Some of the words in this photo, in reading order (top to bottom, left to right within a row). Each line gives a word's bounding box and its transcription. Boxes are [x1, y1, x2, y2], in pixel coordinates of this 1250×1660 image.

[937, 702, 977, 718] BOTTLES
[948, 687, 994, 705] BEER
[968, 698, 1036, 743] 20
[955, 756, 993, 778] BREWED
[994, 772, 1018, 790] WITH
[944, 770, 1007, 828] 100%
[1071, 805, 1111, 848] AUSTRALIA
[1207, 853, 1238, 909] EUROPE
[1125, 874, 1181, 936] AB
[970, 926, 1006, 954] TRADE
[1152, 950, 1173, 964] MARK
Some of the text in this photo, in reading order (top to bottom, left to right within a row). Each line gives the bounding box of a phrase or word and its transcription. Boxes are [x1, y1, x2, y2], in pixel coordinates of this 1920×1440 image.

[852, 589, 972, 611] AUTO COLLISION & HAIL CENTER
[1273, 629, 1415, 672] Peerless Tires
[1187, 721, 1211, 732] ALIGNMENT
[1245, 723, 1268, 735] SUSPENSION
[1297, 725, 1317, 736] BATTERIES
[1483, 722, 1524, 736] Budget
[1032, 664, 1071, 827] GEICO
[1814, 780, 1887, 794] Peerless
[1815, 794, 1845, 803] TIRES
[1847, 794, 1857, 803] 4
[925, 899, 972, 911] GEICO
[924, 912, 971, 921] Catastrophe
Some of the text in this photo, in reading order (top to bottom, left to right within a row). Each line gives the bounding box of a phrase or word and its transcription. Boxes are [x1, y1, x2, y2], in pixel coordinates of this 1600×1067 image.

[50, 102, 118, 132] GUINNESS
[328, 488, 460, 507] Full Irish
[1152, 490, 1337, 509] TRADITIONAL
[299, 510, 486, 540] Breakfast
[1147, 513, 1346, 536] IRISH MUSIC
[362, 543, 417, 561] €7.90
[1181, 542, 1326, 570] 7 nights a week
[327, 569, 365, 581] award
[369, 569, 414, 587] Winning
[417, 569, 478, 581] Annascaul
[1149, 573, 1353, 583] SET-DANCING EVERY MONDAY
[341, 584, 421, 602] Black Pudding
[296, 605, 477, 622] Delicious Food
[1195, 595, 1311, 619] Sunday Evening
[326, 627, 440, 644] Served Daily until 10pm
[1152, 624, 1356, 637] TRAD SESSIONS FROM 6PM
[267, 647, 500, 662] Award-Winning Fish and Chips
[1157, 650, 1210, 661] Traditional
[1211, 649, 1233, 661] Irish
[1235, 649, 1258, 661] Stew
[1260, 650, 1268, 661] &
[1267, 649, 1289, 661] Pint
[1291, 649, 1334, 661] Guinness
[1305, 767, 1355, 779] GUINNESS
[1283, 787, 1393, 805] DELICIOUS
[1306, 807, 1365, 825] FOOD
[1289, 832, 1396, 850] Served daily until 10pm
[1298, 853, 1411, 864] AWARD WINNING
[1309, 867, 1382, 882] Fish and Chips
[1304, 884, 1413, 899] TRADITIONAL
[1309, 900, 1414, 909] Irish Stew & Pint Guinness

___

Exercise details:
Write out the data again, exactly and in full.

Result of the task:
Some of the words in this photo, in reading order (top to bottom, left to right within a row). Each line gives a word's bounding box and its transcription. Boxes are [x1, y1, x2, y2], in pixel coordinates of this 1250×1660 image.

[937, 702, 977, 718] BOTTLES
[948, 687, 994, 705] BEER
[968, 698, 1036, 743] 20
[955, 756, 993, 778] BREWED
[994, 772, 1018, 790] WITH
[944, 770, 1007, 828] 100%
[1071, 805, 1111, 848] AUSTRALIA
[1207, 853, 1238, 909] EUROPE
[1125, 874, 1181, 936] AB
[970, 926, 1006, 954] TRADE
[1152, 950, 1173, 964] MARK
Some of the text in this photo, in reading order (top to bottom, left to right within a row). Each line gives the bounding box of a phrase or word and its transcription. Boxes are [x1, y1, x2, y2], in pixel coordinates of this 1920×1440 image.

[852, 589, 972, 611] AUTO COLLISION & HAIL CENTER
[1273, 629, 1415, 672] Peerless Tires
[1187, 721, 1211, 732] ALIGNMENT
[1245, 723, 1268, 735] SUSPENSION
[1297, 725, 1317, 736] BATTERIES
[1483, 722, 1524, 736] Budget
[1032, 664, 1071, 827] GEICO
[1814, 780, 1887, 794] Peerless
[1815, 794, 1845, 803] TIRES
[1847, 794, 1857, 803] 4
[925, 899, 972, 911] GEICO
[924, 912, 971, 921] Catastrophe
Some of the text in this photo, in reading order (top to bottom, left to right within a row). Each line gives the bounding box of a phrase or word and its transcription. Boxes are [x1, y1, x2, y2], in pixel coordinates of this 1600×1067 image.

[50, 102, 118, 132] GUINNESS
[328, 488, 460, 507] Full Irish
[1152, 490, 1337, 509] TRADITIONAL
[299, 510, 486, 540] Breakfast
[1147, 513, 1346, 536] IRISH MUSIC
[362, 543, 417, 561] €7.90
[1181, 542, 1326, 570] 7 nights a week
[327, 569, 365, 581] award
[369, 569, 414, 587] Winning
[417, 569, 478, 581] Annascaul
[1149, 573, 1353, 583] SET-DANCING EVERY MONDAY
[341, 584, 421, 602] Black Pudding
[296, 605, 477, 622] Delicious Food
[1195, 595, 1311, 619] Sunday Evening
[326, 627, 440, 644] Served Daily until 10pm
[1152, 624, 1356, 637] TRAD SESSIONS FROM 6PM
[267, 647, 500, 662] Award-Winning Fish and Chips
[1157, 650, 1210, 661] Traditional
[1211, 649, 1233, 661] Irish
[1235, 649, 1258, 661] Stew
[1260, 650, 1268, 661] &
[1267, 649, 1289, 661] Pint
[1291, 649, 1334, 661] Guinness
[1305, 767, 1355, 779] GUINNESS
[1283, 787, 1393, 805] DELICIOUS
[1306, 807, 1365, 825] FOOD
[1289, 832, 1396, 850] Served daily until 10pm
[1298, 853, 1411, 864] AWARD WINNING
[1309, 867, 1382, 882] Fish and Chips
[1304, 884, 1413, 899] TRADITIONAL
[1309, 900, 1414, 909] Irish Stew & Pint Guinness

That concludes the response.